The Kaiser’s Licked

Today, Duncan looks at another blast from the past; Flames of War Great War – the Germans.

Hi Duncan here and today I’m going to look at the other side to my latest side project – The Great War and specifically the Germans.

Last time I looked at the new boys to the Western Front in 1918 with the Doughboys of the Americans – 10,000 of them arriving a week boosting the morale of the Entente – this time I’m going to look at their foes across the trenches and the last enormous effort of the German army to break the French and British decisively in the great Kaiserschlacht (Kaiser’s Battle), of spring 1918.

The collapse of the Russia Empire and the subsequent Treaty of Brest-Litovsk – possibly one of the most lopsided agreements ever signed – freed up nearly 50 battle hardened divisions which could arrive on the Western Front before the Americans could decisively tip the balance in terms of man power and matériel. The commander of the German forces – Field Marshal Eric Ludendorff – knew it!

The 1918 Spring Offensive or Kaiserschlacht also known as the Ludendorff Offensive, was a series of German attacks along the Western Front during the First World War, beginning on 21 March 1918, which marked the deepest advances by either side since 1914. It is generally seen as the turning point from Trench Warfare back to Open Warfare and the casualty rates on all sides reflect this.

There were four German offensives, codenamed Michael, Georgette (originally George but was scaled back hence Georgette), Gneisenau and Blücher-Yorck.

Michael was the biggest attack, which was intended to break through the Allied lines, outflank the British forces which held the front from the Somme River to the English Channel and defeat the British Army. Once this was achieved, it was hoped that the French would seek armistice terms. The other offensives were subsidiary to Michael and were designed to divert Allied forces from the main offensive on the Somme.

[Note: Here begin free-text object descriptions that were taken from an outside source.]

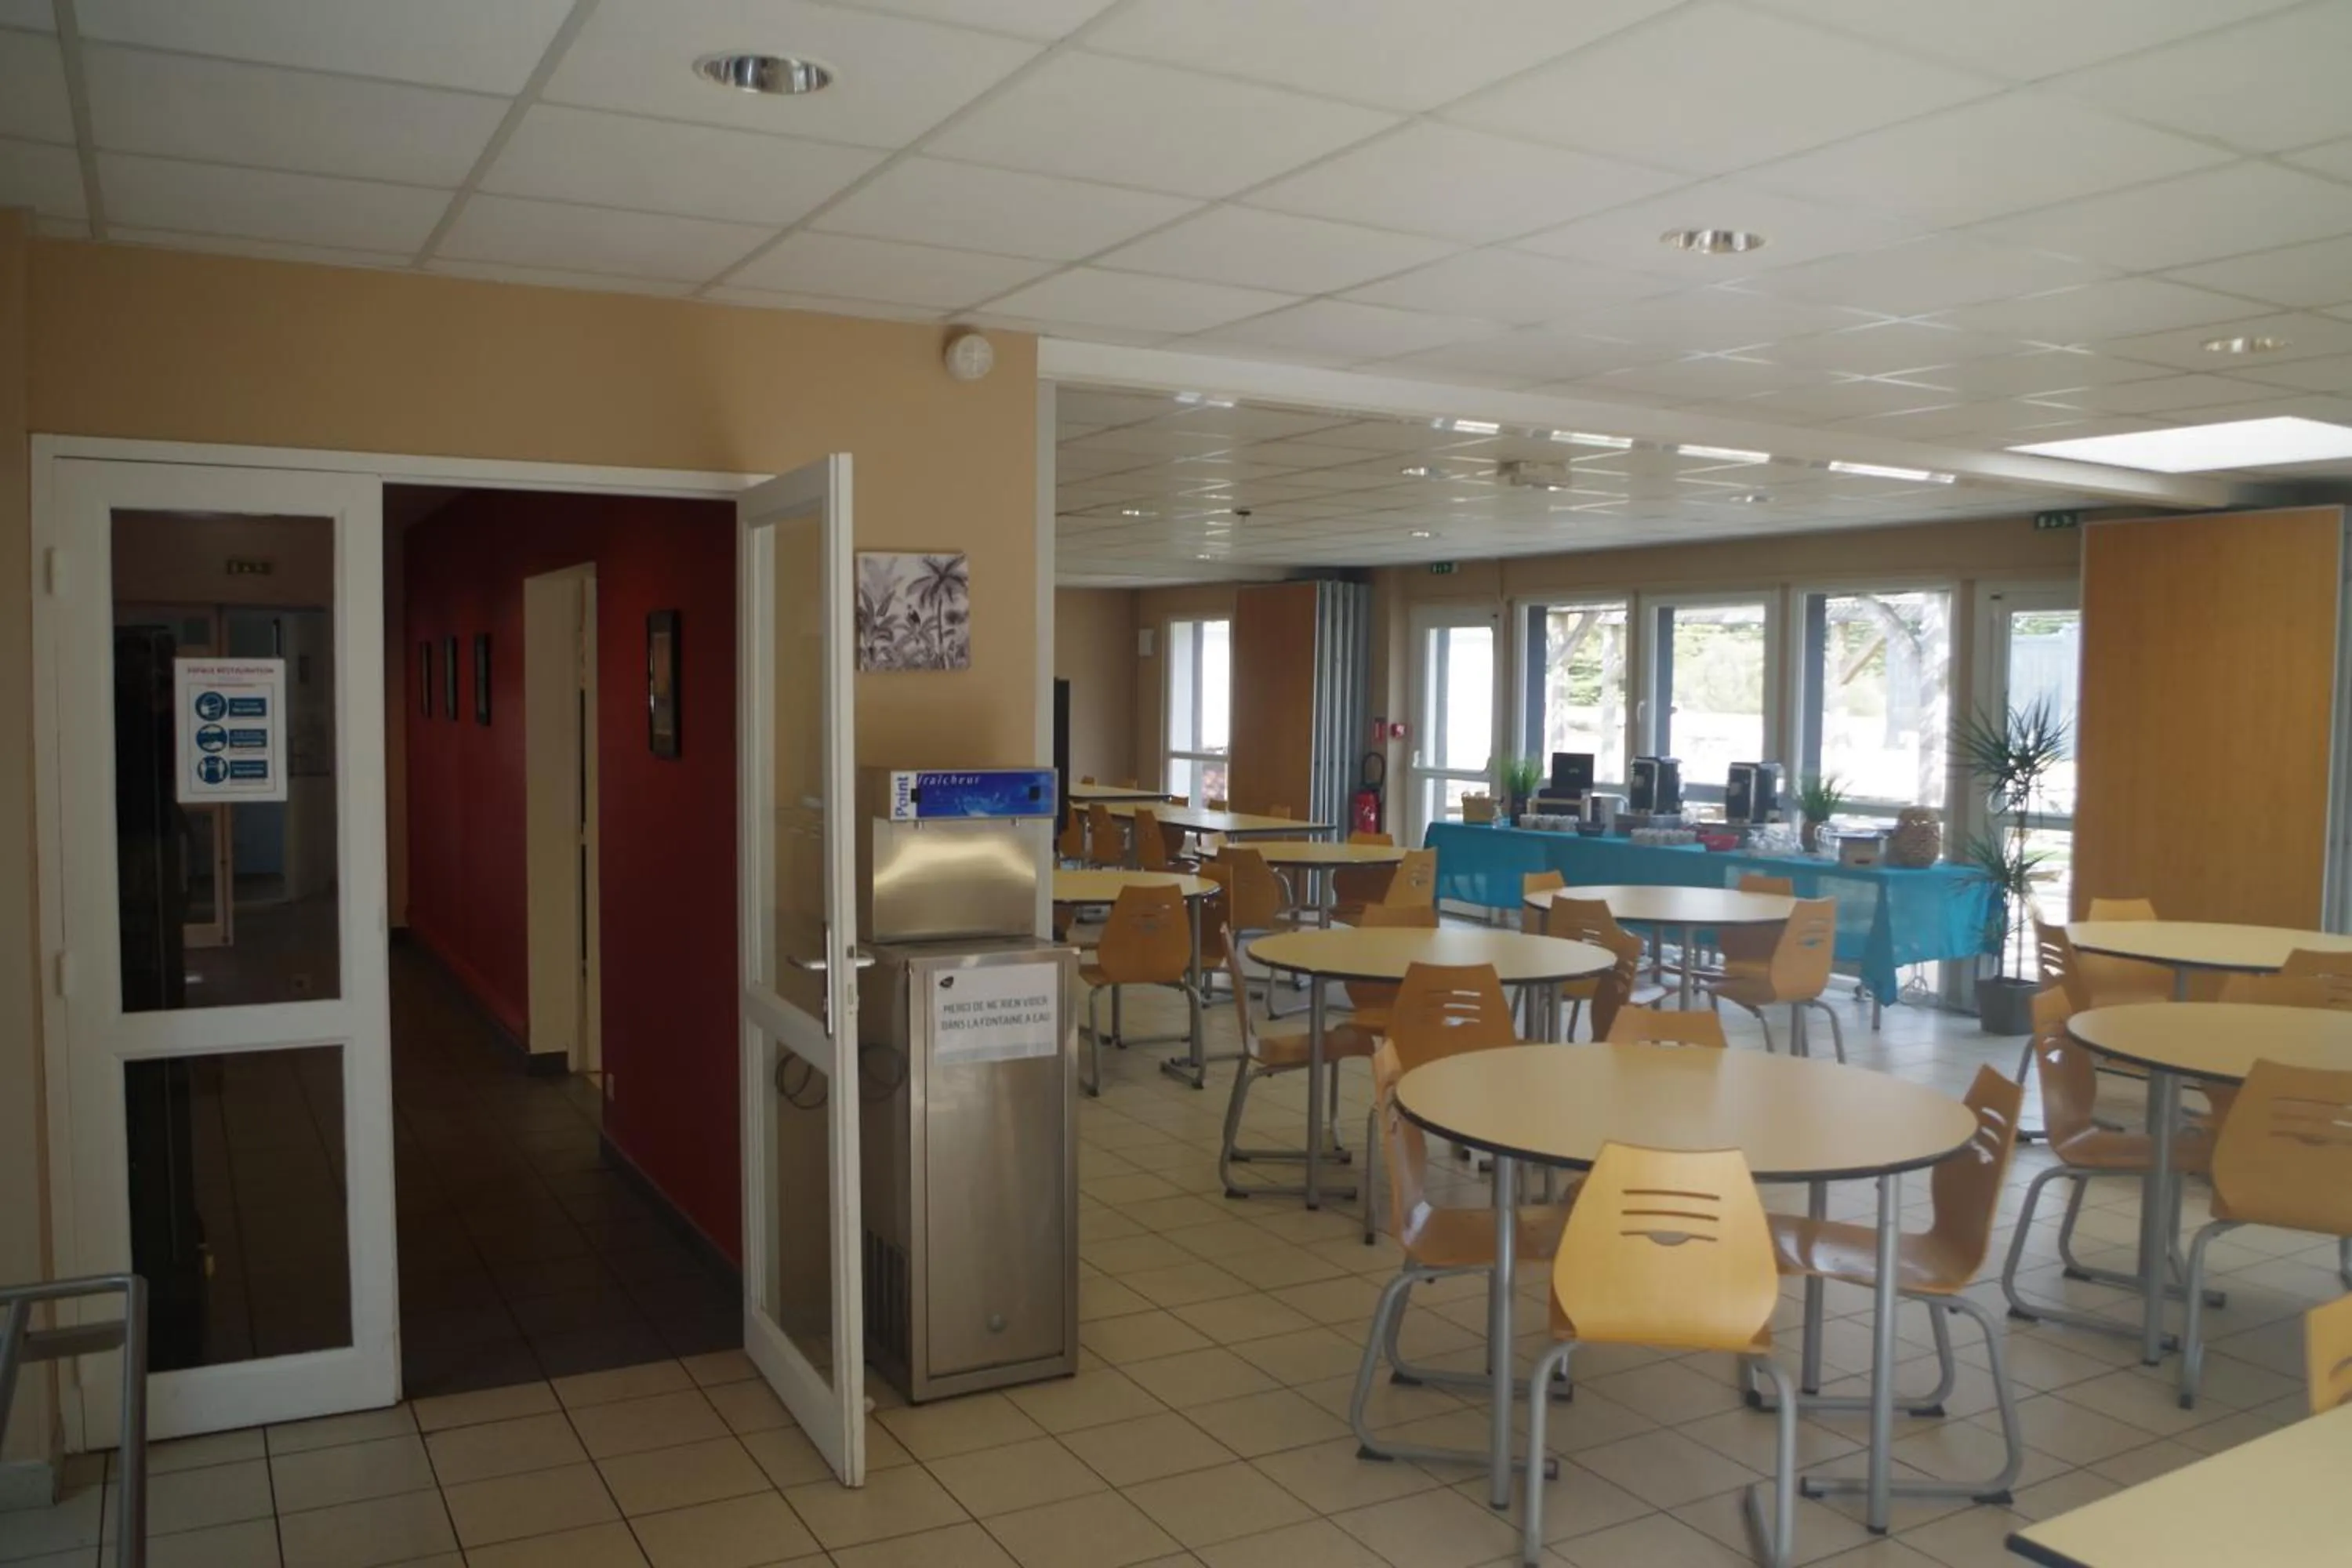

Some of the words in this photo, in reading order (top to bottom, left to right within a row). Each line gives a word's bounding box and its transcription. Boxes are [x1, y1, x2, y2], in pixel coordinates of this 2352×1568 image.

[895, 776, 909, 817] Point
[943, 1002, 971, 1014] MERCI
[973, 1001, 984, 1011] DE
[986, 1000, 998, 1010] NE
[1000, 997, 1021, 1008] RIEN
[941, 1020, 965, 1030] DANS
[967, 1018, 979, 1029] LA
[980, 1014, 1023, 1027] FONTAINE

Michael was the last great roll of the dice for the German – they put everything they possibly could into this offensive including new weapons, tactics and training. The German army of 1918 could be considered a proto-WW2 army; the basic infantryman looks almost identical, the fire and move tactics of the German troops are in essence the same as those adopted by every army in the Second World War – it is the high water mark for the German forces in WW1 and they will come desperately close to winning the Great War.

These German offences pushed the Allies to the very brink of shattering only to peter out at the critical moment – they needed a strong exploitation arm to replace the now obsolescent horse mounted cavalry divisions but the weapon system that was to provide that arm was woefully short of being ready to fulfil that role; that system was the Tank.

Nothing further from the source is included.